Fourteen military personnel were killed, and the government today said eight aircraft, including helicopters, a spy plane and training aircraft were destroyed -- far more damage than the military initially reported.

Witnesses said the tractor trailers, used normally to collect garbage, were accompanied by military personnel and stopped for several minutes at a junction where a crowd of dozens of people had gathered in the rain as word of the trip to the mortuary got around.

The hospital mortuary, where the bodies were being taken, was just 100 metres away. There was no traffic.

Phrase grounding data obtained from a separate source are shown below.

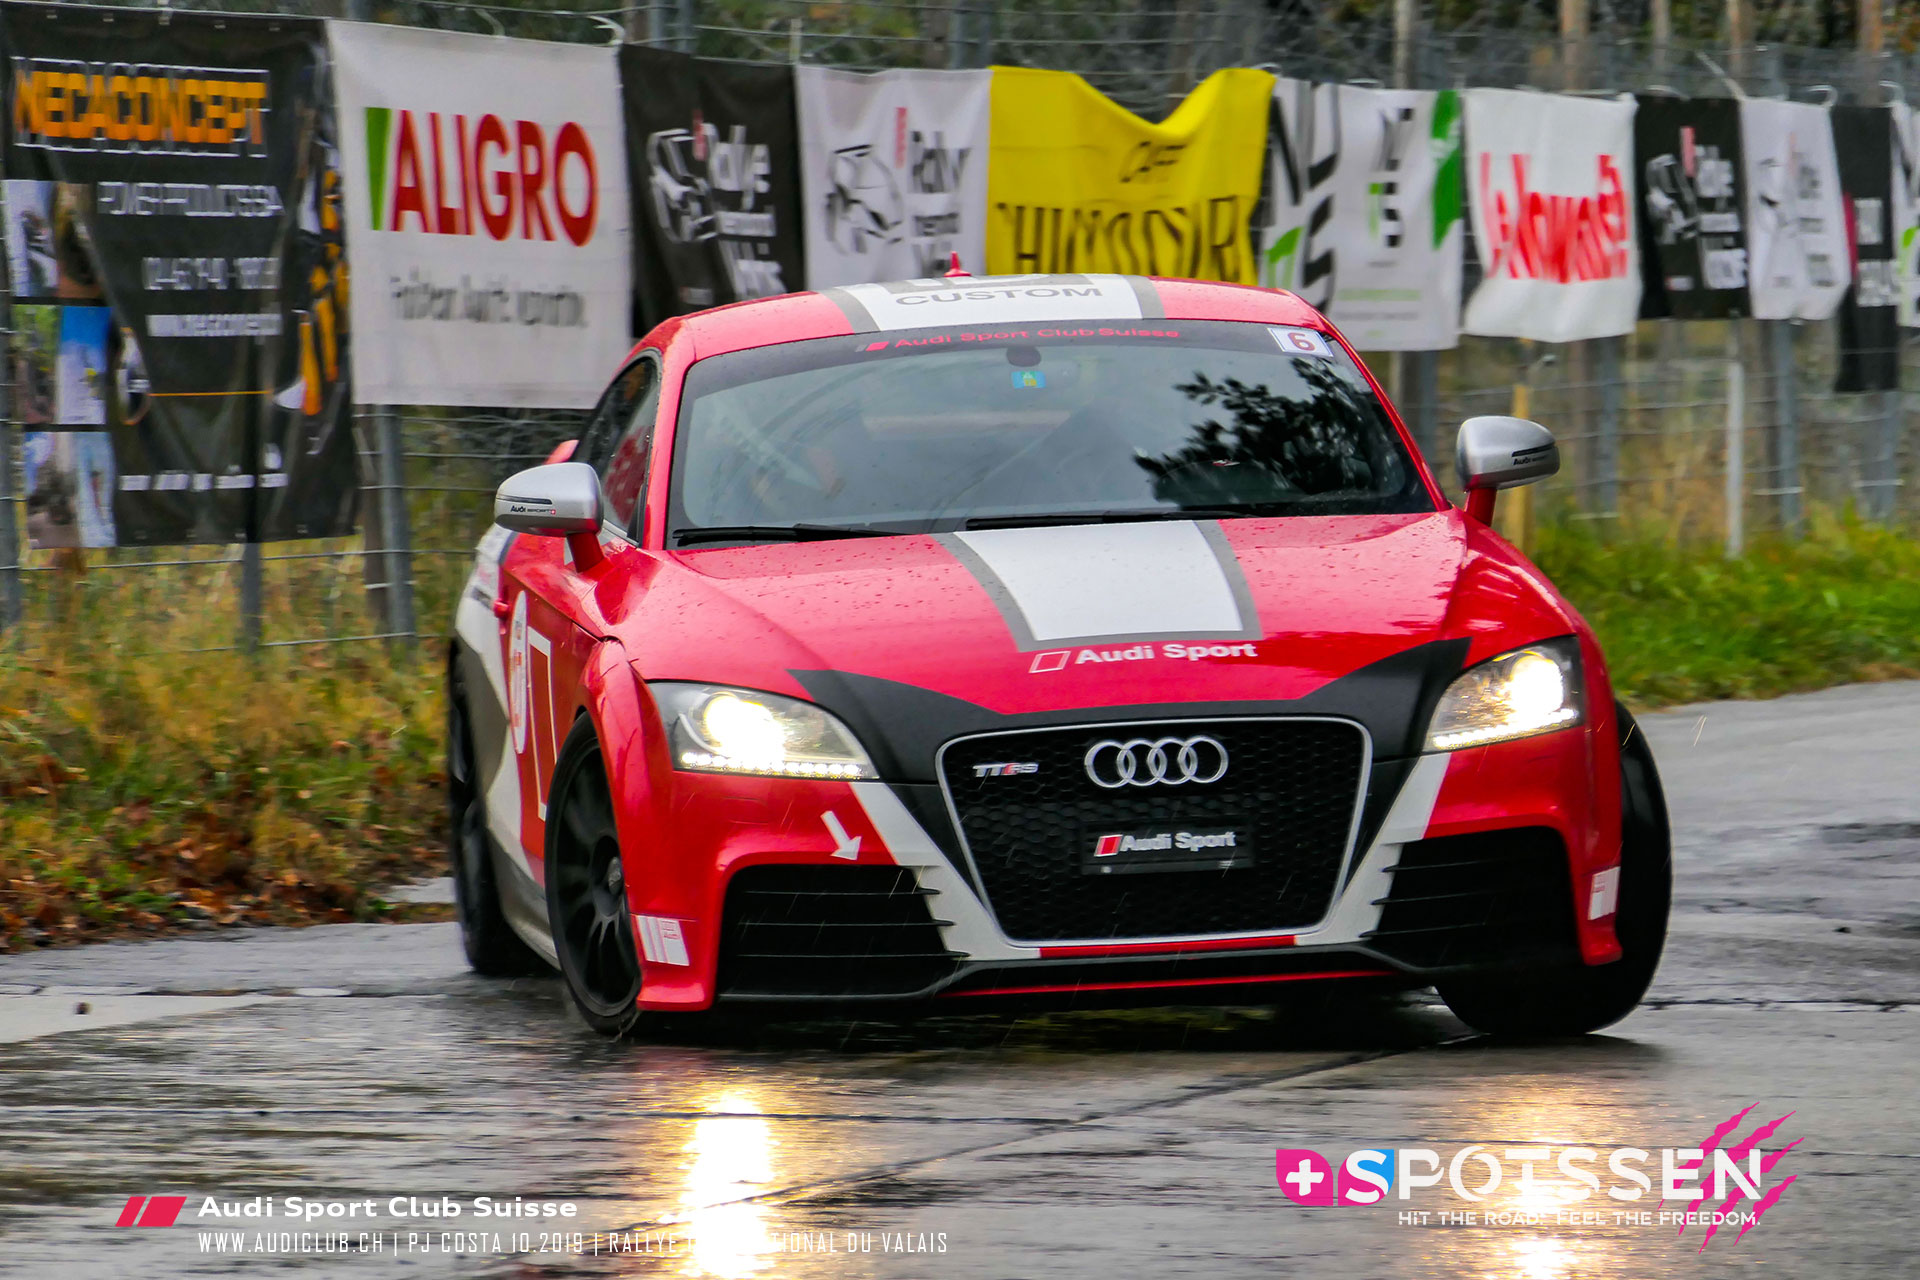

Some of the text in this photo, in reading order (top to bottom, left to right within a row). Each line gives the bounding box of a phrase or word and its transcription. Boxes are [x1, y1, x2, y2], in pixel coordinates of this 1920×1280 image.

[389, 109, 599, 247] ALIGRO
[895, 287, 1103, 306] CUSTOM
[894, 327, 1180, 349] Audi Sport Club Suisse
[1287, 332, 1316, 352] 6
[510, 505, 526, 513] Audi
[1074, 643, 1258, 665] Audi Sport
[1119, 831, 1236, 852] Audi Sport
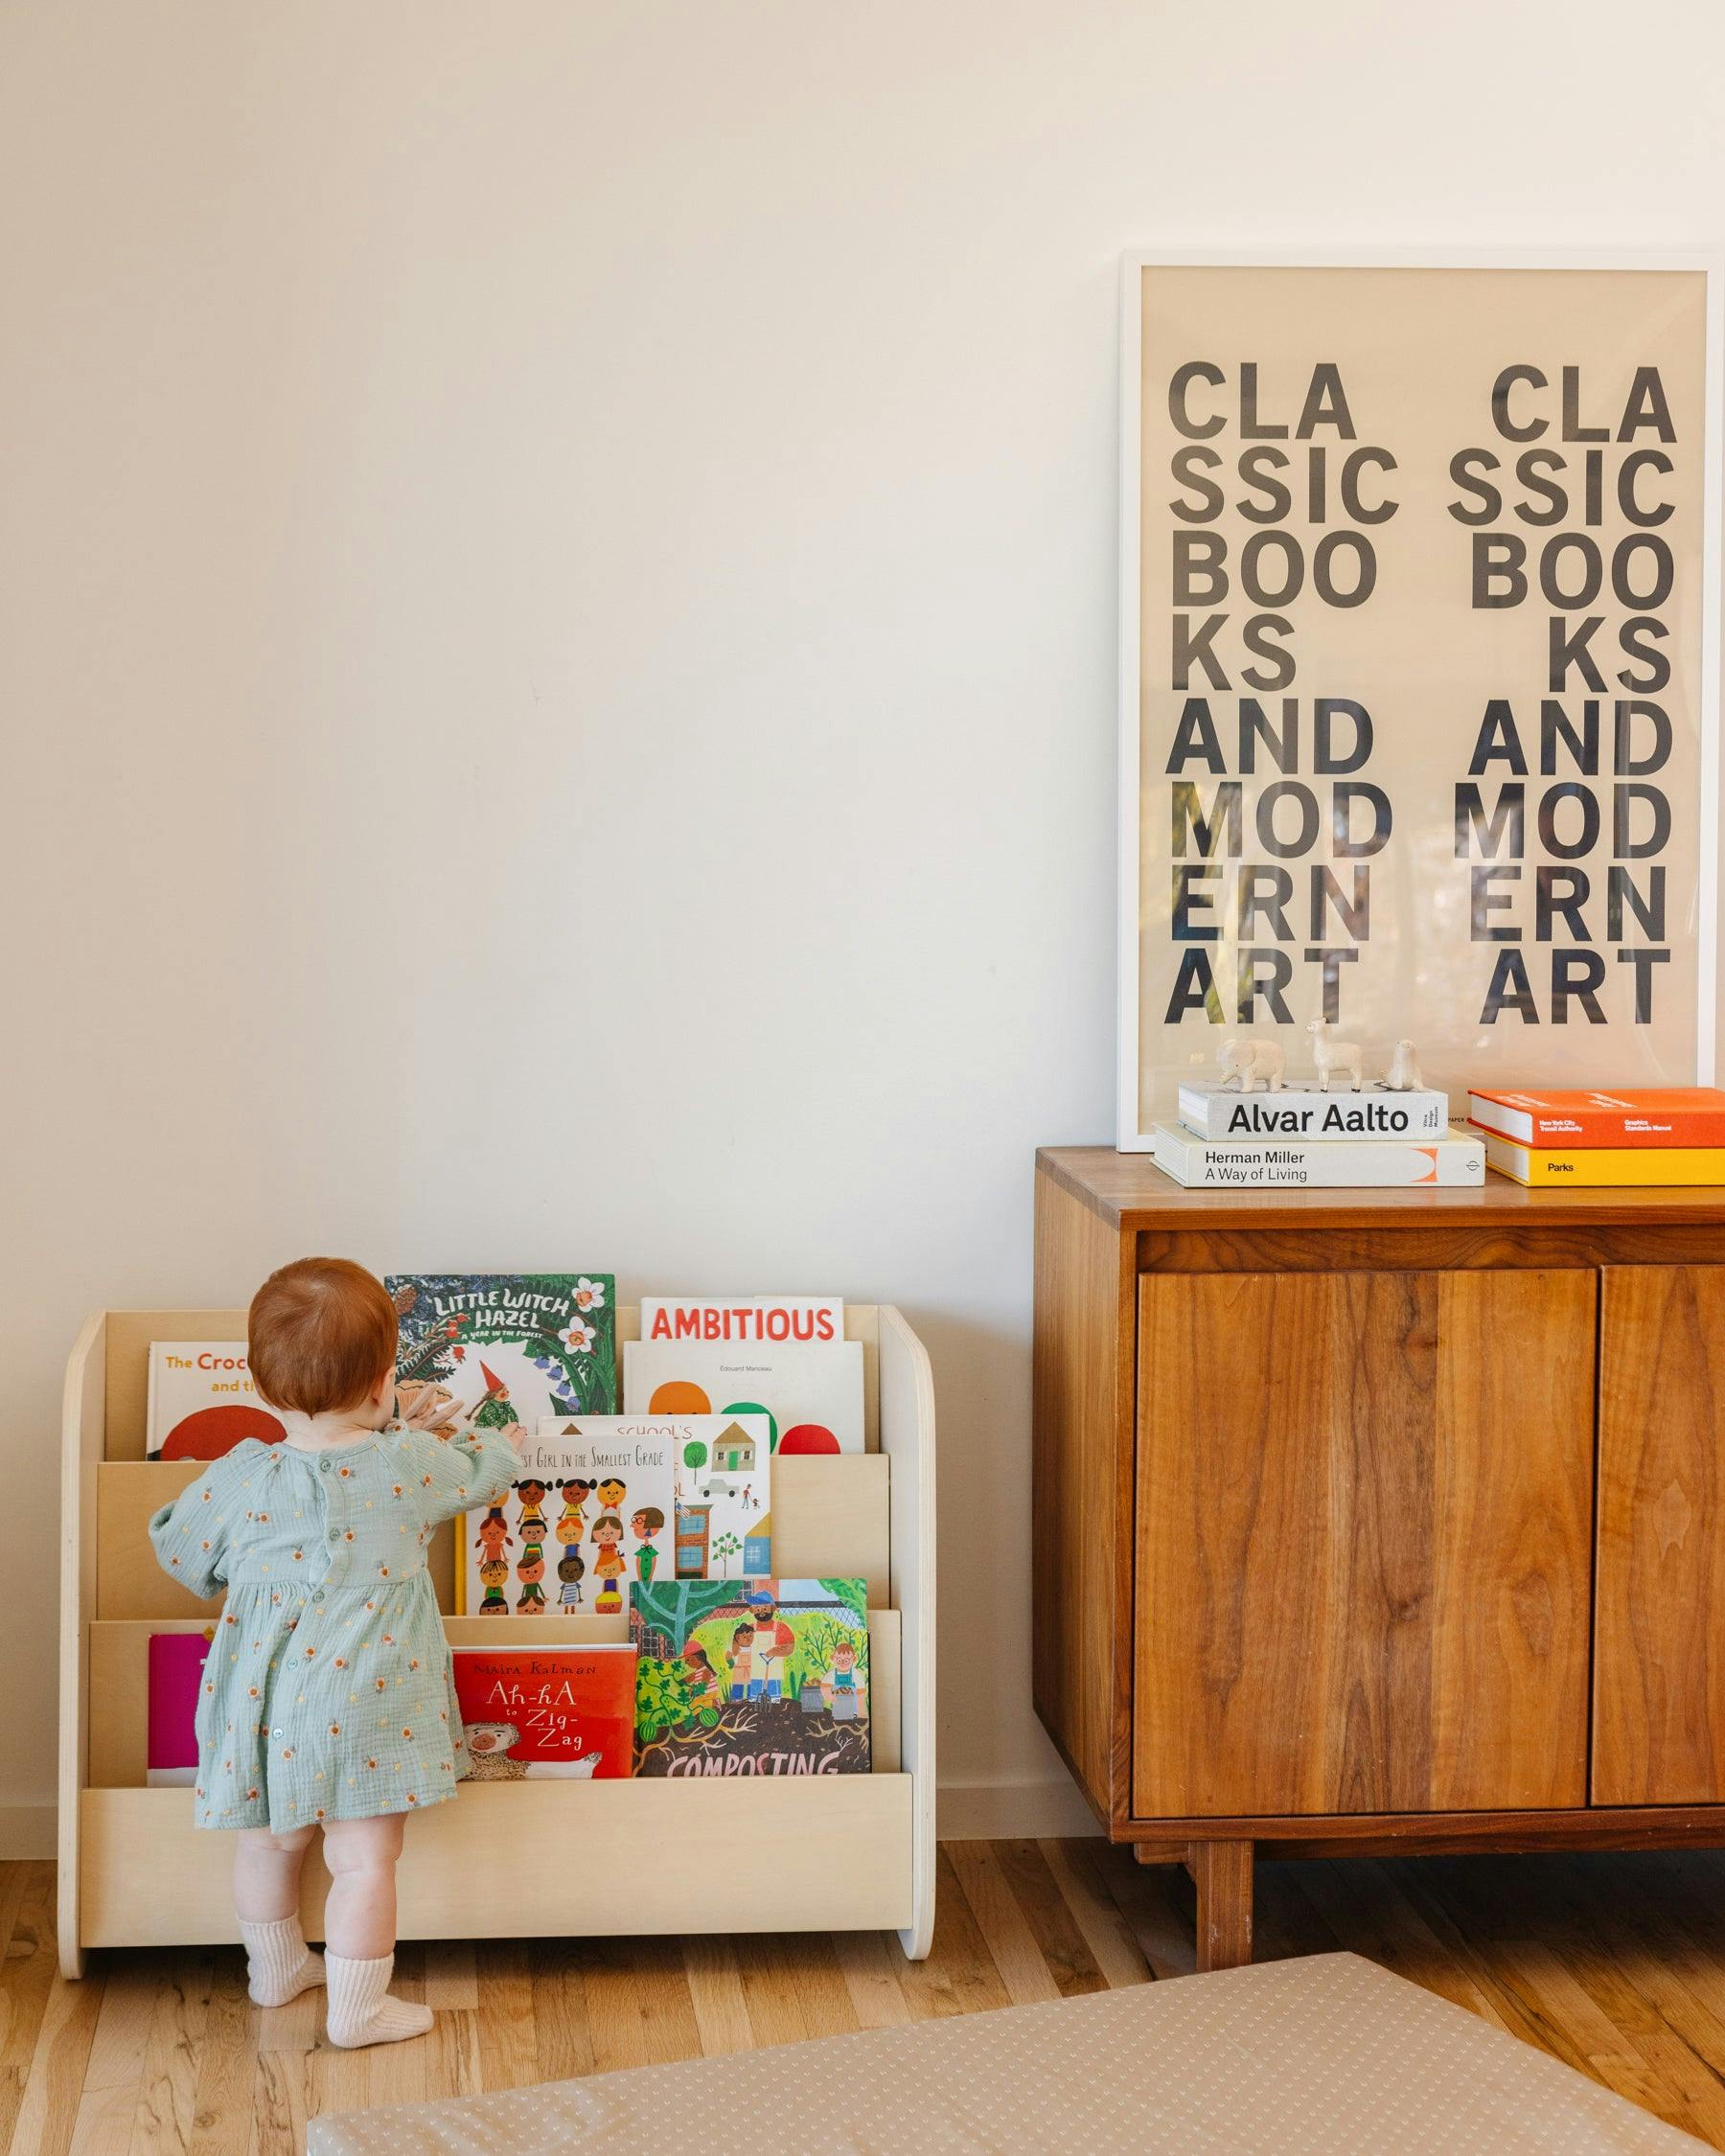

''The bodies were taken from the camp to the mortuary. One tractor trailer contained naked bodies, bodies in the other were in plastic bags,'' said a journalist known to Reuters who was at the scene and asked to remain unnamed for fear of retribution.

''I came to a spot along the route where people had congregated to wait for the bodies, and the tractors then came and stopped so the crowd could look,'' the journalist added.

Another journalist witness said: ''There were some civilians and other journalists about 500 metres from the mortuary. Two tractors came, one with naked bodies and (the) other with black plastic bags. I presume those are the blown up bodies of suicide cadres.'' Monday's attack in the north, where renewed civil war is now concentrated after troops captured swathes of Tiger territory in the east of the island, comes after a series of clashes that have killed around 5,000 people since early 2006.

Nearly 70,000 people have been killed since the war began in 1983, and while the military has had the upper hand in recent months, analysts see no clear winner on the horizon and say the conflict could rumble on for years.